Are you thinking about entering the Stock market but think you don’t have knowledge about workings, and things to consider to become successful in the market, you are in the right place, we will try to walk you through the things to be considered as well as give some insight about the market for those who are thinking about entering but couldn’t act due to lack of information. First of all, we would like to make it simple so let’s start with the Primary and Secondary market.
This is the market everyone in our country understands easily many of you might have applied to the shares of different companies standing in a long line for days. The shares you applied by this process is in the primary market by way of Initial Public Offering(IPO) on which shares normally are issued at face value with exception to some companies who issue with the premium over the face value.
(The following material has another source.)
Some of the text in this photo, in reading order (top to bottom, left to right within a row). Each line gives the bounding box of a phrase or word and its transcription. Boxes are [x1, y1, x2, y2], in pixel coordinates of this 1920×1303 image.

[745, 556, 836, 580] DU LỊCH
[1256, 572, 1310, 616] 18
In the general sense, people feel comfortable while applying for IPO because of the less risk associated with it, without the knowledge about the companies’ past performance and lack of data. It is, in fact, a good entry point to the capital market with comparatively less risk than in the secondary market with small capital injection(In the context of Nepal). Let me come to the first line about applying for shares standing in a long line, with the introduction of C-ASBA the whole process has been simplified and nowadays people can apply and access IPO from the tip of their finger.
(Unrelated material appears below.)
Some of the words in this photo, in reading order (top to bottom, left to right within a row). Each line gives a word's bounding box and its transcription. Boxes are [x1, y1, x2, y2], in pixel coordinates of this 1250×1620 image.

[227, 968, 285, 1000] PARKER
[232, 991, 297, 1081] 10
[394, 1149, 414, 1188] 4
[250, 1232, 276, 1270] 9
The Secondary market to many in Nepal in their thinking is inaccessible and very risky to average investors this is the point we are addressing in this post today. Let me give you one simple example
“Okay now you wanted to buy that share in IPO worth Rs 50,000 but you were allocated only 50 units worth Rs. 5,000.
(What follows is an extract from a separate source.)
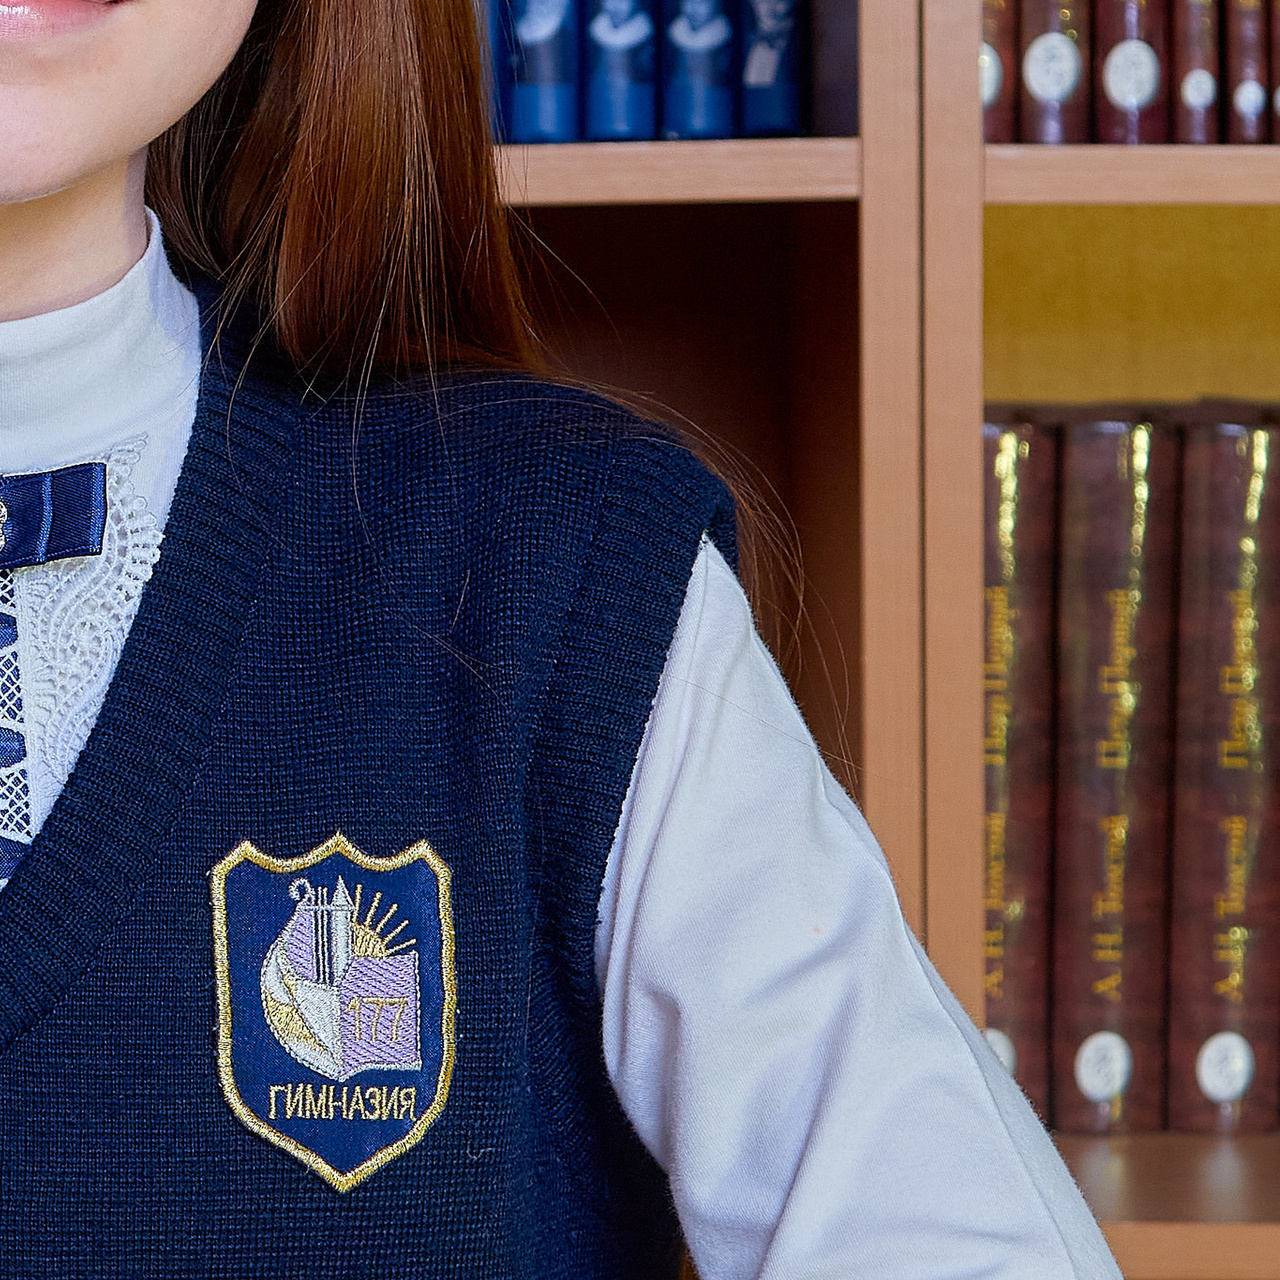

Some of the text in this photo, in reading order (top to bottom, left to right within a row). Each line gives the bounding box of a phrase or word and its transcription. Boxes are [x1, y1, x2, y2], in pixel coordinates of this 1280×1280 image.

[1091, 814, 1127, 920] Толстой
[1213, 814, 1247, 920] Толстой
[346, 996, 408, 1043] 177
[269, 1085, 417, 1121] ГИМНАЗИЯ
You believe this company is good and want to own more shares you have the option to get that share with a premium from the secondary market. Let’s suppose the company is listed for rs 150 per unit if you buy the same share from remaining Nrs 45,000 which you have allocated for this share. You will have 300 more share with an average cost of Rs 142.8(50,000/350) which is equal to Nrs 2,800 profit than Nrs2,500 profit with only 50 shares. In the next scenario, each Rs. 10 increase in share will yield Rs. 3,500 if you have 350 units rather than Nrs 500 if you have 50 units.
This is the beauty of the secondary market as you can sell your profitable share and buy other undervalued share and perform trading or keep holding your share and enjoy bonus and dividend on year to year basis as an investment.”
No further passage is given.